Le critère d’”empreinte écologique” dont se sert le WWF fut élaboré par une fondation britannique, l’Optimum Population Trust, qui fait ouvertement campagne pour réduire des deux tiers la population mondiale afin de la ramener à deux ou trois milliards d’individus.
Source : Solidarité et Progrès - 04.11.08




Sans parler de génocide, il faut donc que les gouvernements s’accordent sur le fait de la nécessité de gérer les population selon certains critères qui peuvent être lier aux capacités de ressources locales et la capacité d’apporter soins, confort et éducation aux enfants à venir.
S’il y a d’autres possibilités sans que tout le monde perdent pieds, je suis très intéressé de savoir comment et avec l’aide de qui.
L’enjeu est vitale pour toutes les espèces et doit passer devant bien d’autres tracas sociaux.
Encore qu’en prenant les mesures de gestions du patrimoine et des populations à bras le corps, la récompense sera un retour plus aisé à l’emploi et une meilleur hygiène de vie…
Maintenant, lorsque je vois des choses aussi marquante que le théâtral sommet de Copenhague, j’ai de très sérieux doutes quand à la capacité de réactivité de nos gouvernements.
La question, est ” qu’est ce que l’on fait nous? “.
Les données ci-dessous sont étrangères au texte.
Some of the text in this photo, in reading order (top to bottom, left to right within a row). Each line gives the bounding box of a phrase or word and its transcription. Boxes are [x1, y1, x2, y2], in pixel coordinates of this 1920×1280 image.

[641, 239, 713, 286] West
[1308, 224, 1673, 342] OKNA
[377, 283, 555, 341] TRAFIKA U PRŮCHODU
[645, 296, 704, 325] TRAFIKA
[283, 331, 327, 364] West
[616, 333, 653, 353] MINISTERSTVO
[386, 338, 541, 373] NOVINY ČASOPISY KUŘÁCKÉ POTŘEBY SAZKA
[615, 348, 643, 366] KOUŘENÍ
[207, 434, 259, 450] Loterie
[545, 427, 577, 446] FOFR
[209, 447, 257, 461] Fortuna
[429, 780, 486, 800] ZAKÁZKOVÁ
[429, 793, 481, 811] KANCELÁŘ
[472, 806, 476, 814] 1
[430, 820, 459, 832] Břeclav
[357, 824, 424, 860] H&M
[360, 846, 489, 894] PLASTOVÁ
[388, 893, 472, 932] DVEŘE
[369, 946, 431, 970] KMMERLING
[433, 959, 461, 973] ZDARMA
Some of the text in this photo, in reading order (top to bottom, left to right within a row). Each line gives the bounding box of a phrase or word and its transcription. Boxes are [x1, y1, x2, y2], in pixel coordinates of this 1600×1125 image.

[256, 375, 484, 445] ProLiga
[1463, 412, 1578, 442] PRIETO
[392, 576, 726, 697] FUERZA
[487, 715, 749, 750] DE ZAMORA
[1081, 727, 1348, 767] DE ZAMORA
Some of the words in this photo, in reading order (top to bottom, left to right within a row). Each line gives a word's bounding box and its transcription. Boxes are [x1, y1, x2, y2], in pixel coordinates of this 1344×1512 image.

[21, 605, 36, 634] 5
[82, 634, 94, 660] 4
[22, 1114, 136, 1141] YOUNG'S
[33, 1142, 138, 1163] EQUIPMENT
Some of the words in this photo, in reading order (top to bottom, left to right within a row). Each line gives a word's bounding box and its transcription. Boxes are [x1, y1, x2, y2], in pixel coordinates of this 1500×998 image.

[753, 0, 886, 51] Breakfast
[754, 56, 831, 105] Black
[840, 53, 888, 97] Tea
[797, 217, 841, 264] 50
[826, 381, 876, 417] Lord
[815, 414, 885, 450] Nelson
Il est certain que le démographie est un enjeu majeur, si nous ne maitrisons pas nos effectifs, tous les efforts faits par ailleurs en matière d’environnement seront réduits à néant. Il faut que le sujet cesse d’être tabou et que l’on privilégie absolument une baisse de la natalité partout dans le monde sinon la planète ne sera plus vivable.